Em primeiro lugar, há que se partir para a perspectiva de uma avaliação

diagnóstica. Com isso, queremos dizer que a primeira coisa a ser feita, para

que a avaliação sirva à democratização do ensino, é modificar a sua utilização de classificatória para diagnóstica. Ou seja, a avaliação deverá ser assumida como um instrumento de compreensão do estágio de aprendizagem em que se encontra o aluno, tendo em vista tomar decisões suficientes e satisfatórias para que possa avançar no seu processo de aprendizagem. Se é importante aprender aquilo que se ensina na escola, a função da avaliação será possibilitar ao educador condições de compreensão do estágio em que o aluno se encontra, tendo em vista poder trabalhar com ele para que saia do estágio defasado em que se encontra e possa avançar em termos dos conhecimentos necessários. Desse modo, a avaliação não seria tão somente um instrumento para a provação dos alunos, mas sim um instrumento de diagnóstico de sua situação, tendo em vista a definição de encaminhamentos adequados para a sua aprendizagem.
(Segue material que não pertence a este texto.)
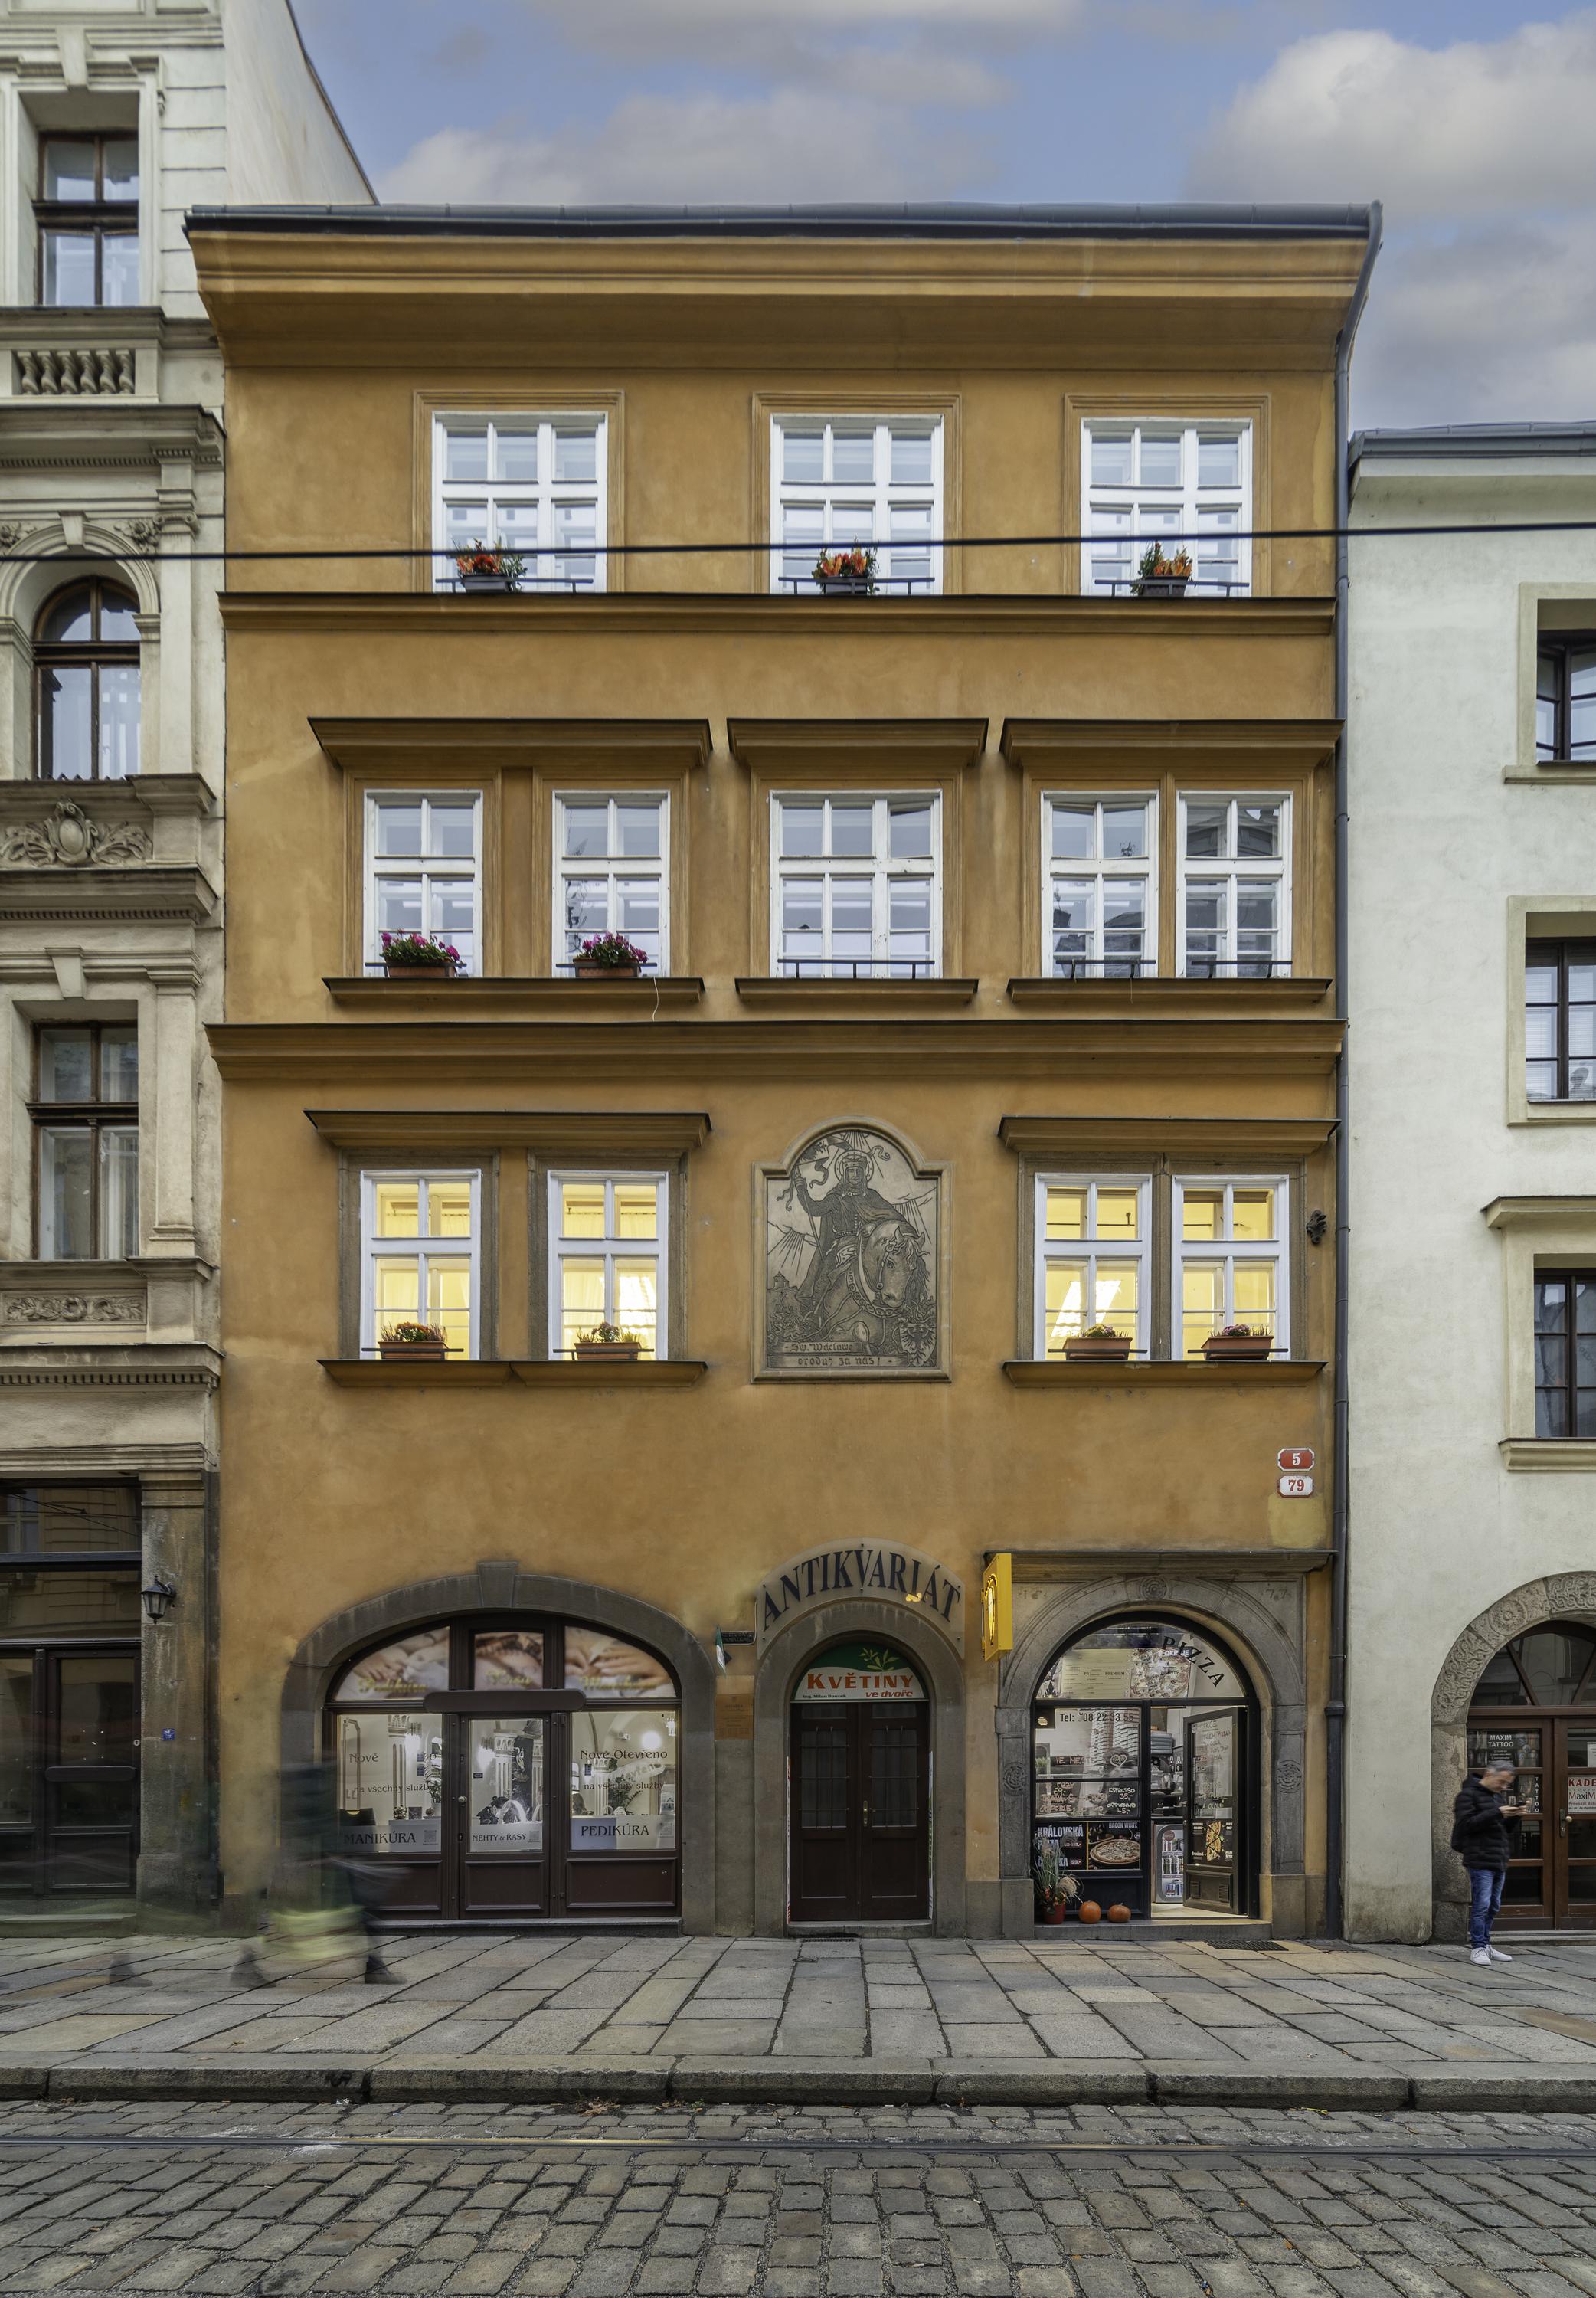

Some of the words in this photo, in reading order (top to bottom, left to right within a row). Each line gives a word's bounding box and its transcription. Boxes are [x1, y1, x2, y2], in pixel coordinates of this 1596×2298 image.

[1292, 1452, 1301, 1466] 5
[1288, 1479, 1305, 1492] 79
[763, 1549, 962, 1632] ANTIKVARIÁT
[1163, 1636, 1225, 1687] PIZZA
[807, 1672, 914, 1690] KVĚTINY
[1060, 1713, 1074, 1722] Tel:
[1097, 1712, 1107, 1722] 22
[1110, 1712, 1120, 1722] 33
[349, 1753, 379, 1763] Nově
[613, 1750, 668, 1760] Otevřeno
[368, 1784, 403, 1794] všechny
[406, 1783, 432, 1792] služb
[581, 1823, 649, 1837] PEDIKÚRA
[344, 1830, 417, 1845] MANIKÚRA
[473, 1834, 499, 1842] NEHTY
Se um aluno está defasado não há que, pura e simplesmente, reprová-lo e mantê-lo nesta situação. (SAUL, 2010, p. 81)

Não podemos deixar de destacar que, especialmente a partir dos anos de 1985 a 1990, de acordo com Dirce Ney Teixeira de Freitas (2007), a avaliação escolar passou a ter uma configuração diferente do que já havia sido apresentado por autores/as em estudos anteriores, que é a possibilidade de avaliar instituições de acordo com parâmetros estabelecidos por instituições e órgãos externos à escola. Outras autoras como Hoffman (1994), Esteban (2001), Ludke (2002) e Saul (2010) revelam que a avaliação ao longo dos anos se pautou sobre os pilares da repressão, geração de medo com a punição (nota como estímulo ou castigo), classificação por meio de números e até mesmo de avaliações informais e atividades desvinculadas do processo formativo, e vistas ao final apenas como produto sem criar ou possibilitar melhorias no progresso educacional.
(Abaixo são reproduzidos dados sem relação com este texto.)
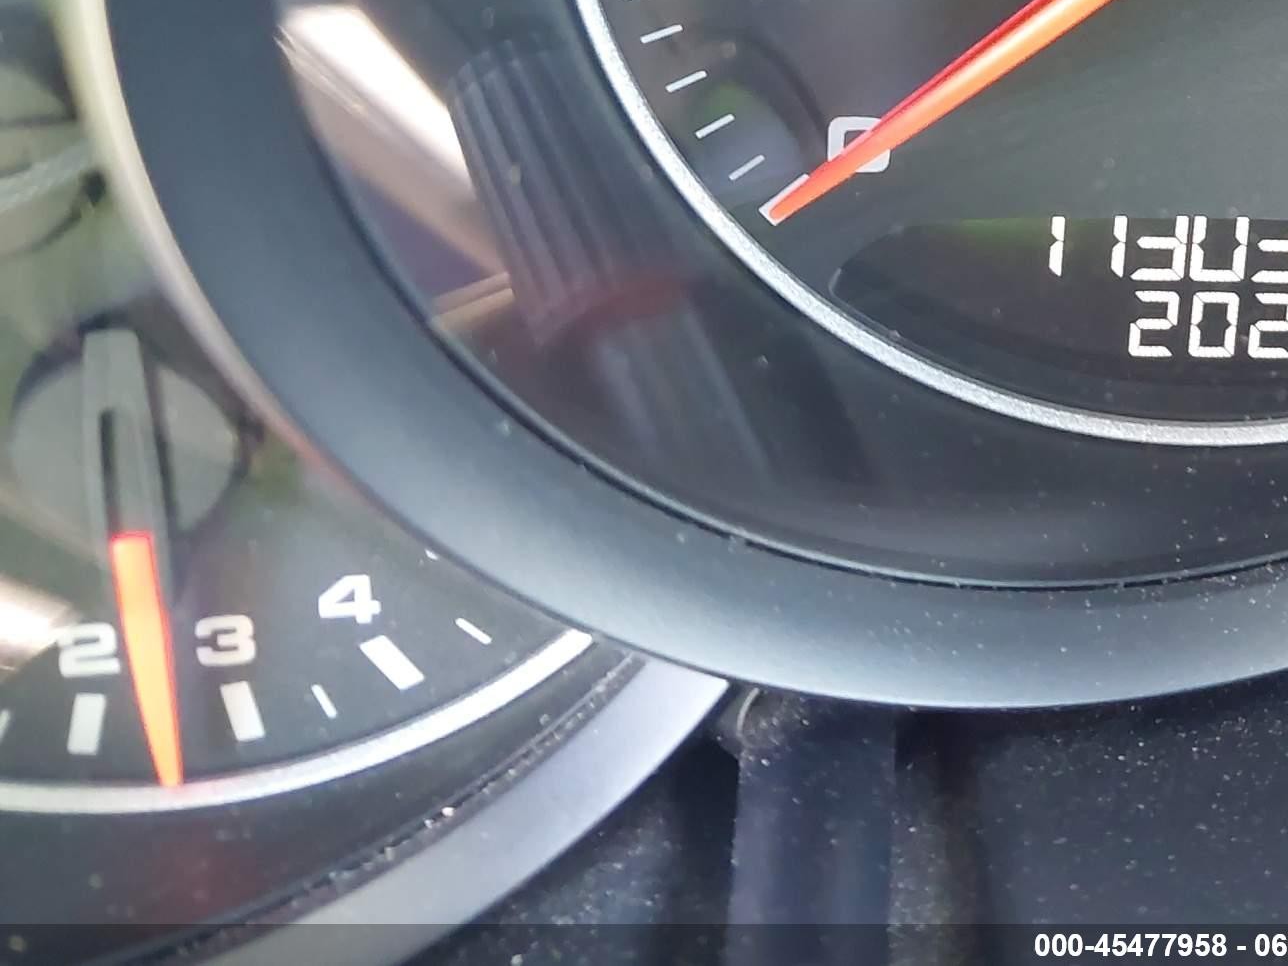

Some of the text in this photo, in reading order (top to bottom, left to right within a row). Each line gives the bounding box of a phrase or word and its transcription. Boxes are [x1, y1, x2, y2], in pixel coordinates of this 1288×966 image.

[317, 574, 382, 624] 4
[56, 622, 121, 678] 2
[194, 614, 257, 668] 3
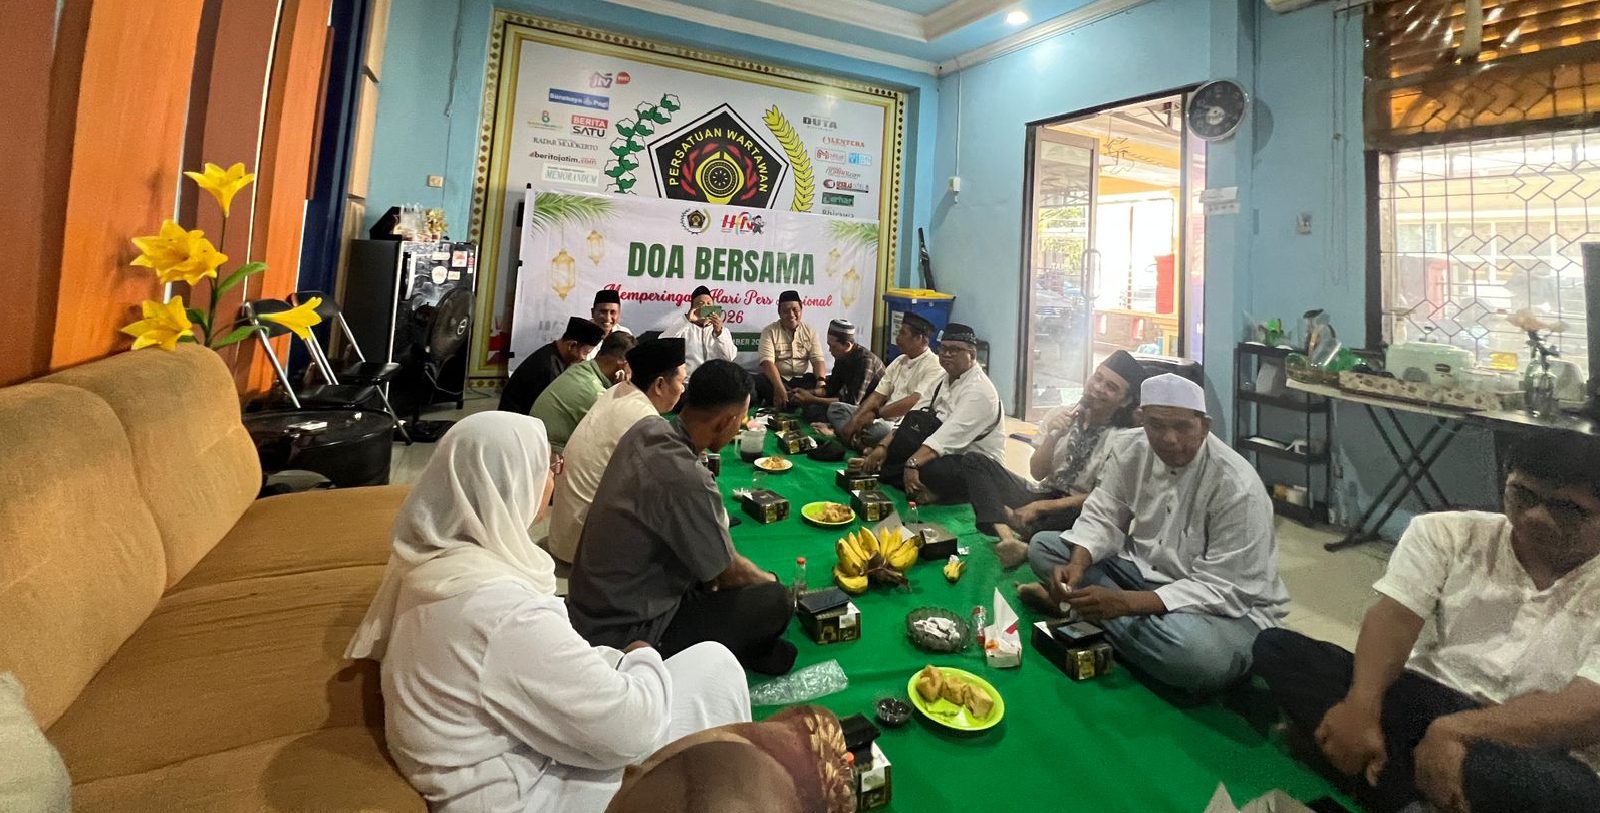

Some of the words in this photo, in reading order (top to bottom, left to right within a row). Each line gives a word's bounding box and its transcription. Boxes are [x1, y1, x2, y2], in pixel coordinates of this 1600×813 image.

[572, 116, 608, 128] BERITA
[803, 116, 838, 129] DUTA
[572, 127, 606, 138] SATU
[533, 137, 556, 146] RADAR
[669, 128, 722, 186] PERSATUAN
[727, 129, 769, 193] WARTAWAN
[544, 169, 598, 184] MEMORANDUM
[627, 241, 685, 279] DOA
[694, 246, 816, 285] BERSAMA
[708, 288, 742, 305] Hari
[743, 289, 774, 306] Pers
Assim, para Dirce Ney Teixeira de Freitas (2007), a partir de meados da década de 1980 a avaliação educacional passou a ter um outro significado sendo marcada pela predominância de experiências de aferição do rendimento escolar por meio de levantamento de dados realizados por testes aplicados nos anos de 1981, 1983 e 1985 em turmas de 3º ano do ensino fundamental de escolas rurais. Neste contexto, de acordo com a autora, a avaliação ganhou o espaço de construção censitária, não alterando, portanto, o seu formato em sala de aula. Por isso, entendemos que nesse período a avaliação se desdobrou em avaliação das aprendizagens realizadas pelos/as professores/as dentro das escolas e também passou a existir a avaliação praticada por órgãos externos.